[[ Material for this task, beginning ]]

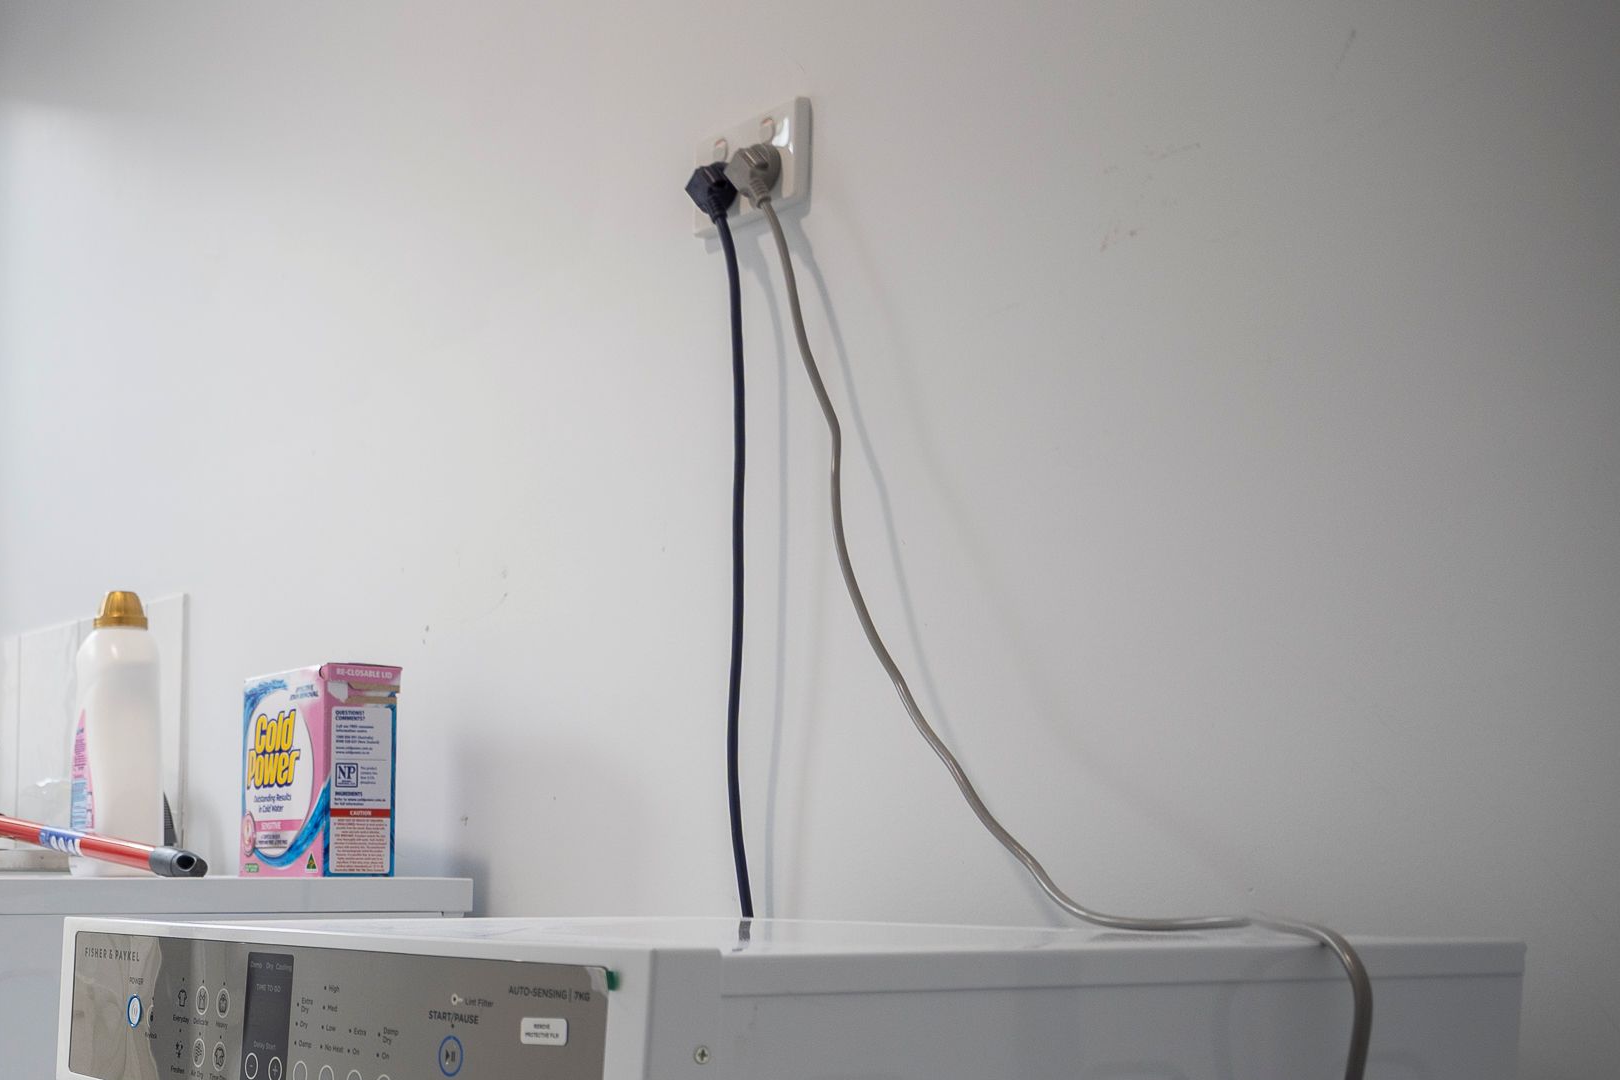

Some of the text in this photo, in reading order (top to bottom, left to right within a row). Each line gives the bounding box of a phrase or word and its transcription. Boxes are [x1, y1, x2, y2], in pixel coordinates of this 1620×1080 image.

[336, 668, 379, 678] RE-CLOSABLE
[255, 709, 296, 754] Cold
[247, 749, 300, 790] Power
[338, 766, 355, 779] NP
[276, 793, 291, 801] Results
[84, 947, 108, 958] FISHER
[115, 950, 140, 962] PAYKEL
[329, 984, 340, 993] High
[508, 986, 591, 1002] AUTO-SENSING 7KG
[302, 997, 313, 1005] Extra
[478, 999, 494, 1008] Filter
[301, 1005, 309, 1014] Dry
[173, 1014, 189, 1024] Everyday
[429, 1011, 479, 1025] START/PAUSE
[300, 1021, 308, 1029] Dry
[354, 1028, 366, 1036] Extra
[384, 1027, 399, 1037] Damp
[298, 1040, 312, 1049] Damp
[382, 1036, 392, 1045] Dry
[382, 1052, 389, 1060] On
[196, 1072, 204, 1080] Dry

[[ Material for this task, end ]]

### Work request
Your task is to restate every record word for word. Omit all pictures.

### Response
Some of the text in this photo, in reading order (top to bottom, left to right within a row). Each line gives the bounding box of a phrase or word and its transcription. Boxes are [x1, y1, x2, y2], in pixel coordinates of this 1620×1080 image.

[336, 668, 379, 678] RE-CLOSABLE
[255, 709, 296, 754] Cold
[247, 749, 300, 790] Power
[338, 766, 355, 779] NP
[276, 793, 291, 801] Results
[84, 947, 108, 958] FISHER
[115, 950, 140, 962] PAYKEL
[329, 984, 340, 993] High
[508, 986, 591, 1002] AUTO-SENSING 7KG
[302, 997, 313, 1005] Extra
[478, 999, 494, 1008] Filter
[301, 1005, 309, 1014] Dry
[173, 1014, 189, 1024] Everyday
[429, 1011, 479, 1025] START/PAUSE
[300, 1021, 308, 1029] Dry
[354, 1028, 366, 1036] Extra
[384, 1027, 399, 1037] Damp
[298, 1040, 312, 1049] Damp
[382, 1036, 392, 1045] Dry
[382, 1052, 389, 1060] On
[196, 1072, 204, 1080] Dry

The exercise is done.